Reputation: 965
I'm trying to reduce a list of tuples, where the values of a duplicate key are added together like this:
[(the, 1), (the, 1)] => [(the, 2)]
I tried this:
reduce :: [(String, Integer)] -> [(String, Integer)]
reduce [] = []
reduce [(k, v) : xs] = (+) [(k, v)] : reduce xs
I'm getting this error:
Couldn't match expected type `(String, Integer)'
with actual type `[(String, Integer)] -> [(String, Integer)]'
What am I doing wrong?
Edit
This is the full program
toTuple :: [String] -> [(String, Integer)]
toTuple [] = []
toTuple (k:xs) = (k, 1) : toTuple xs
reduce :: [(String, Integer)] -> [(String, Integer)]
reduce [] = []
reduce [(k, v) : xs] = (+) [(k, v)] : reduce xs
main_ = do list <- getWords "test.txt"
print $ reduce $ toTuple list
-- Loads words from a text file into a list.

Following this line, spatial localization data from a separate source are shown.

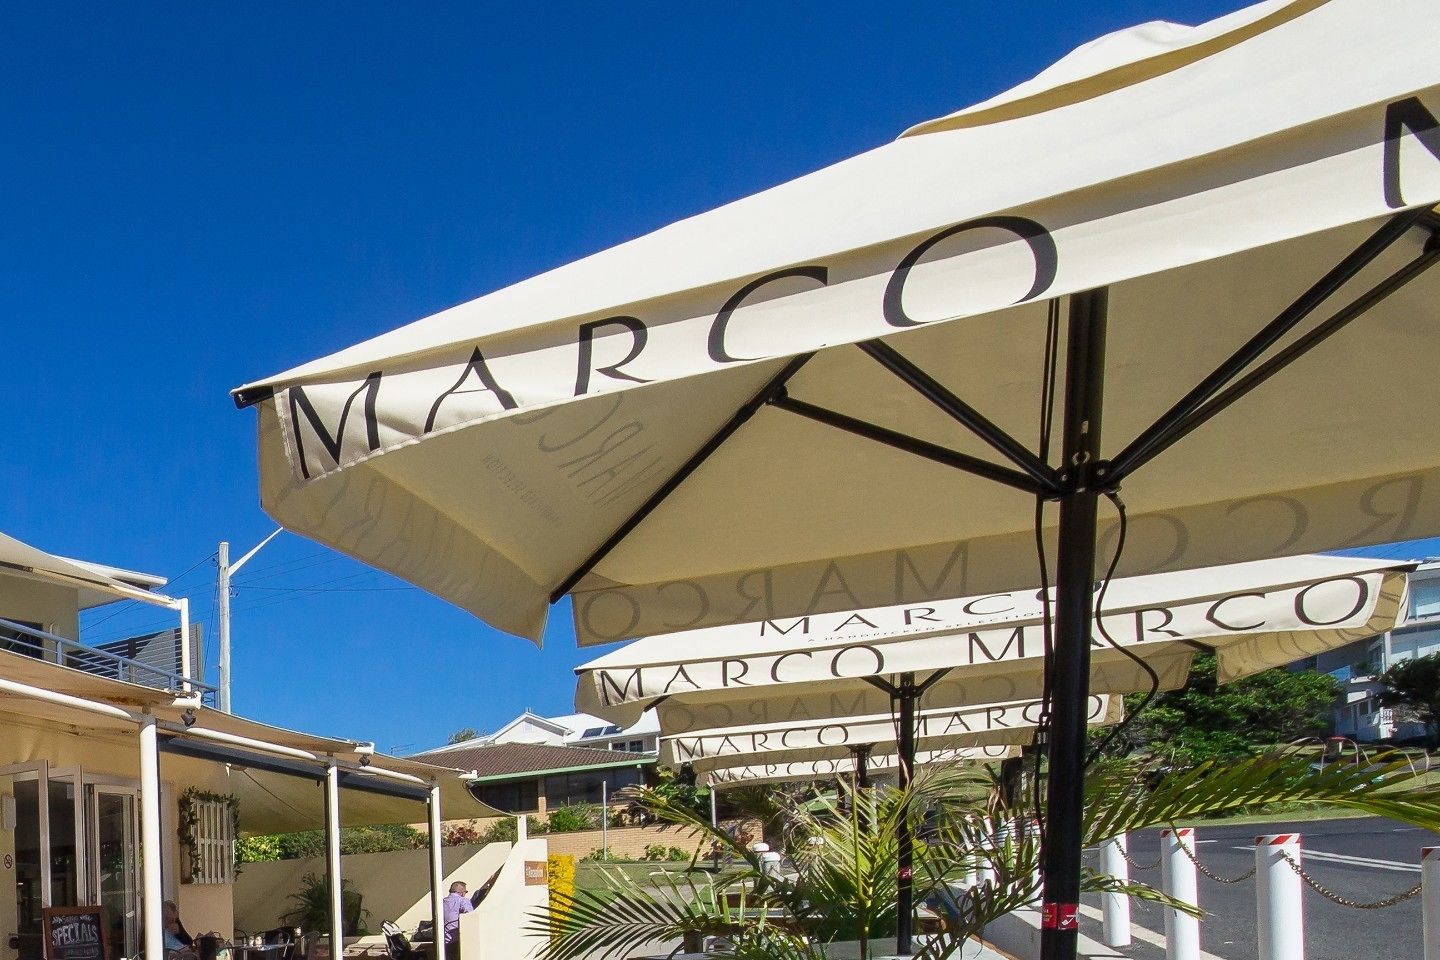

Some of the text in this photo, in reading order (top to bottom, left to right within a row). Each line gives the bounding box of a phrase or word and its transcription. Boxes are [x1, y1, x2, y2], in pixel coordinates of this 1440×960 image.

[288, 215, 1058, 480] MARCO
[760, 580, 1102, 637] MARC
[600, 644, 885, 706] MARCO
[968, 576, 1369, 664] MRCO
[676, 723, 850, 762] MARCO
[711, 758, 836, 783] MARCO
[52, 921, 100, 946] SPECIALS

getWords :: FilePath -> IO [String]
getWords path = do contents <- readFile path
return ([Prelude.map toLower x | x <- words contents])
Upvotes: 4
Views: 2115
Reputation: 15505
Let me point out that your function reduce
is extremely similar to function fromListWith
from Data.Map
:
> :m Data.Map
> let reduce = toList . fromListWith (+)
> :t reduce
reduce :: (Ord k, Num a) => [(k, a)] -> [(k, a)]
> reduce [('a', 3), ('a', 1), ('b', 2), ('a', 10), ('b', 2), ('c', 1)]

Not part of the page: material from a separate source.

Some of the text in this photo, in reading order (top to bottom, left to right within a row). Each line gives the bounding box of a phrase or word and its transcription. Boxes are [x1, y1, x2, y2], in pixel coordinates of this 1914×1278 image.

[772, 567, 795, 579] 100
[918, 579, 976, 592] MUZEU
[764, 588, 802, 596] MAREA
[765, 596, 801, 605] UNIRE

[('a',14),('b',4),('c',1)]
> reduce [(c,1) | c <- "the quick brown fox jumps over the lazy dog"]
[(' ',8),('a',1),('b',1),('c',1),('d',1),('e',3),('f',1),('g',1),('h',2),('i',1),('j',1),('k',1),('l',1),('m',1),('n',1),('o',4),('p',1),('q',1),('r',2),('s',1),('t',2),('u',2),('v',1),('w',1),('x',1),('y',1),('z',1)]
Upvotes: 1
Reputation: 48664
You are doing the pattern matching wrong. The pattern match should be like this:
((k,v):xs)
(k,v)
represents the head of the list and xs
represents the tail of the list. Similarly this is problematic:
(+) [(k, v)] : reduce xs
The type of +
is this:
λ> :t (+)
(+) :: Num a => a -> a -> a
You cannot simply do (+) [(k, v)] : reduce xs
which doesn't appear anywhere reasonable. You have to check the contents of the String and then add second part of the tuple.